Somehow we need to re-label this war, but it’s awkward to take the names of those two countries, with a total of seven syllables between them, not counting one syllable for “War”, and come up with a easy-to-use blend that is likely to get traction in conversation.
Afghanistan-Pakistan War? Correct, but too long; ungainly.
Pak-Afghan War? Pakistan too abbreviated.
Afpakstan War? Nah. Superficially clever, but blatantly contrived… Besides, what if the war slops over into one or more of the three “stans” to the north? Anyway, someone will come up with something I’m sure. Neither “Afghan War” nor “War in Afghanistan” capture the real situation any longer.
There is a subtlety in that WSJ sub head, possibly unintentional, but it struck me as nicely done: the name “Pakistan” does not appear at all. It’s the “Campaign Next Door”. Indeed, “Next Door” to Afghanistan, to the east, is an area that is also Next Door to Pakistan to the northwest, an area between Afghanistan and Pakistan, which is roughly what Kipling called “Kafirstan”. It’s an area where Pakistan has influence, perhaps because the mountains have caused trade to lean toward Pakistan, and people in the area will tend to use Pakistani airports when they go abroad. This area is certainly not part of Pakistan in the way that Florida is part of the United States, or Cornwall is part of the UK.
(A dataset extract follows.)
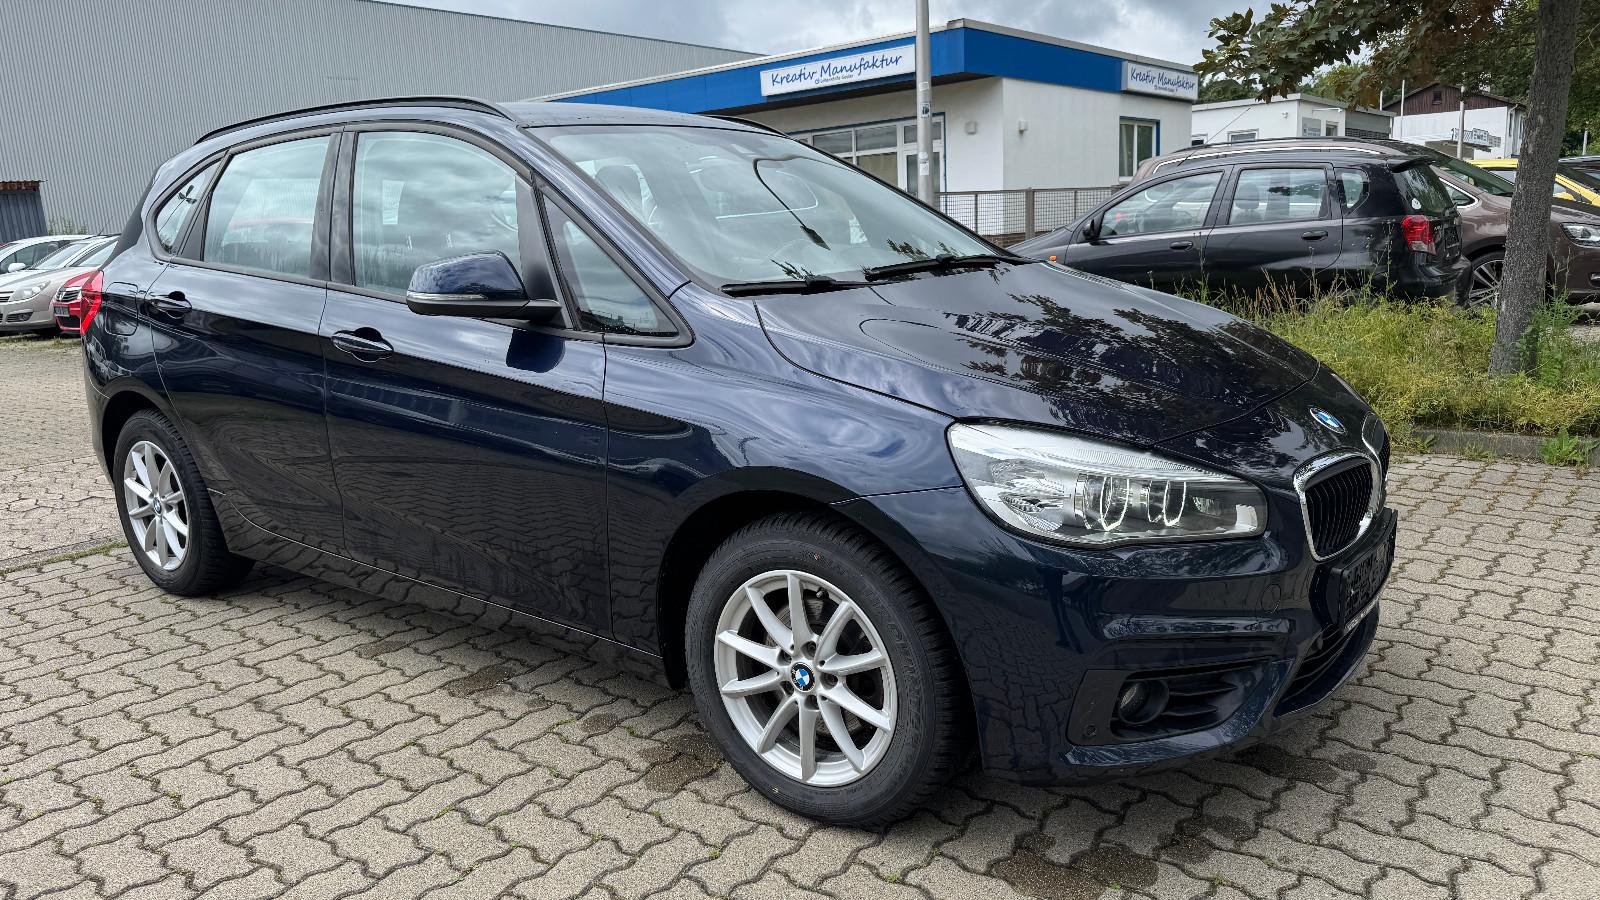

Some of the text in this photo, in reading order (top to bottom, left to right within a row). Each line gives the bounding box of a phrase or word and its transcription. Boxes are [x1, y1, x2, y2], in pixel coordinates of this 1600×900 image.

[771, 67, 817, 86] Kreativ
[820, 54, 903, 78] Manufaktur
[1130, 67, 1156, 84] Kreativ
[1157, 72, 1195, 91] Manufaktur
However, I meant to talk about bird watching, not 21st century feudalism.
When the CIA adds more drones to the war (a.k.a. “campaign”), there is a mixed nationality coterie of military professionals and engineers, mostly to the east of Afghanistan, who are delighted. I’ll call them “bird watchers”.
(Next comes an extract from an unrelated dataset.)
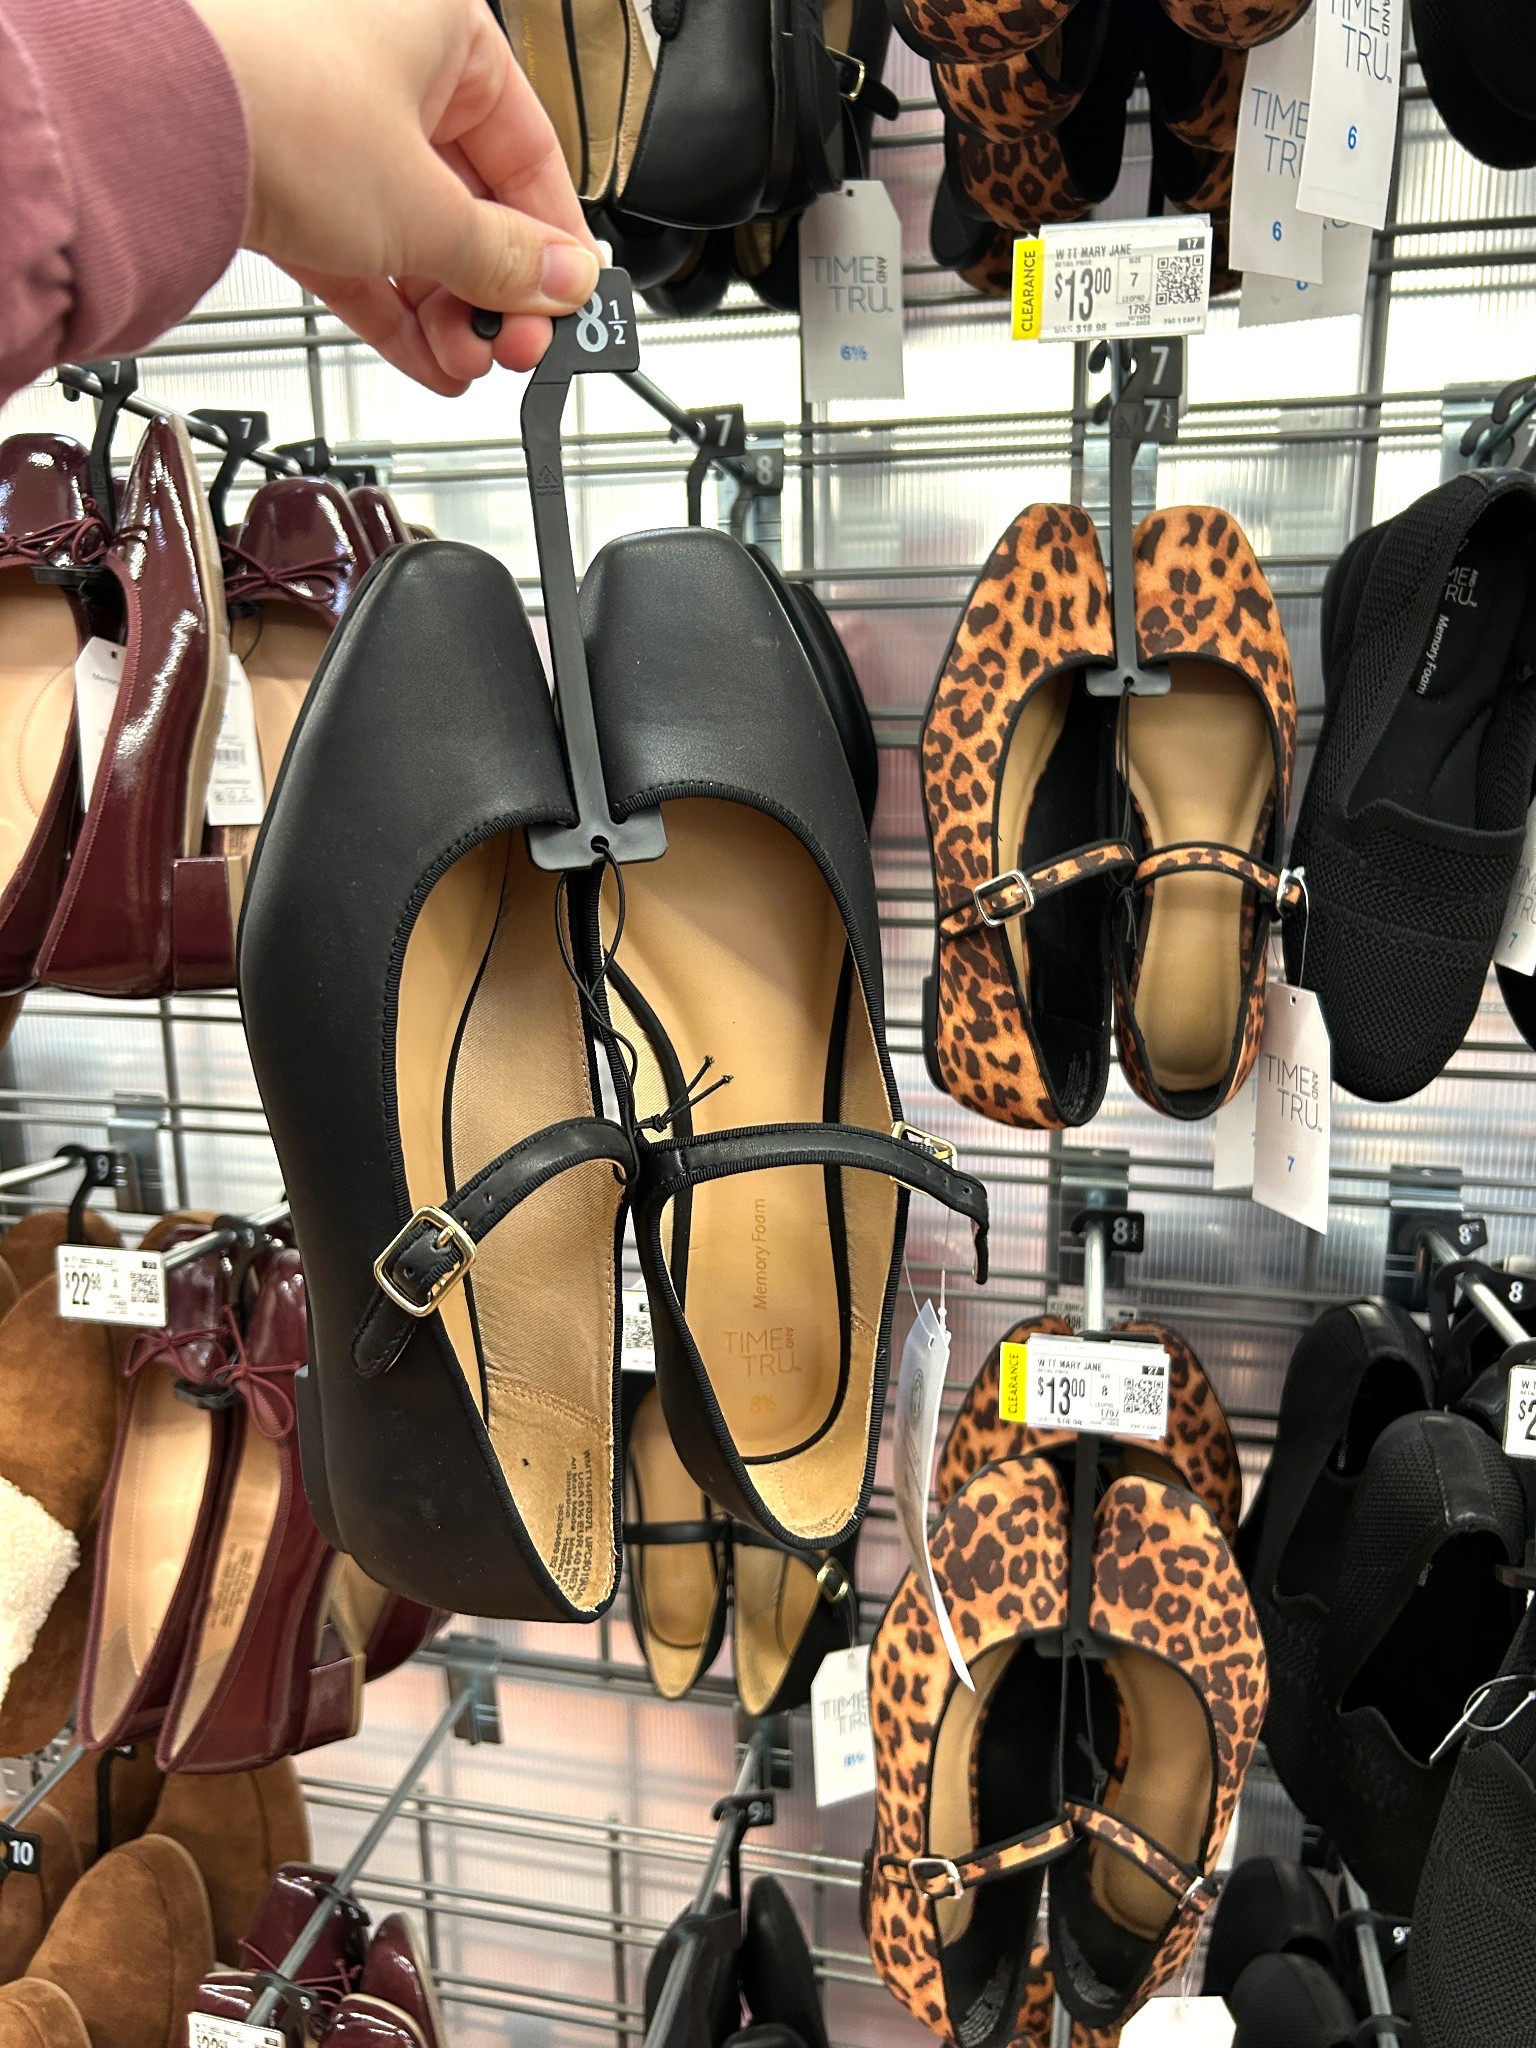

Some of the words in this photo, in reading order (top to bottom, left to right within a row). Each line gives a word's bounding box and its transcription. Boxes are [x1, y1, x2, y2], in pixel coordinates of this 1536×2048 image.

Remember that these American drones represent an impressive military innovation, and military people throughout the world, especially in nations that feel they could, potentially, some day, come to blows with the U.S., or with some other nation that could deploy drones, are very interested in these aircraft. They want to know how they work, what logistical support they need, what their limitations are. But there are two things especially the bird watchers want to figure out:
1. How to see them.
2. How to destroy them.
If you assume people on the ground are most interested in hiding from them, you’re thinking of Osama bin Laden and his ilk, hot-footing it from cave-to-cave, not daring to turn on their satellite phones, wondering if it’s safe to light a cigarette or a hash pipe (hint: it’s not).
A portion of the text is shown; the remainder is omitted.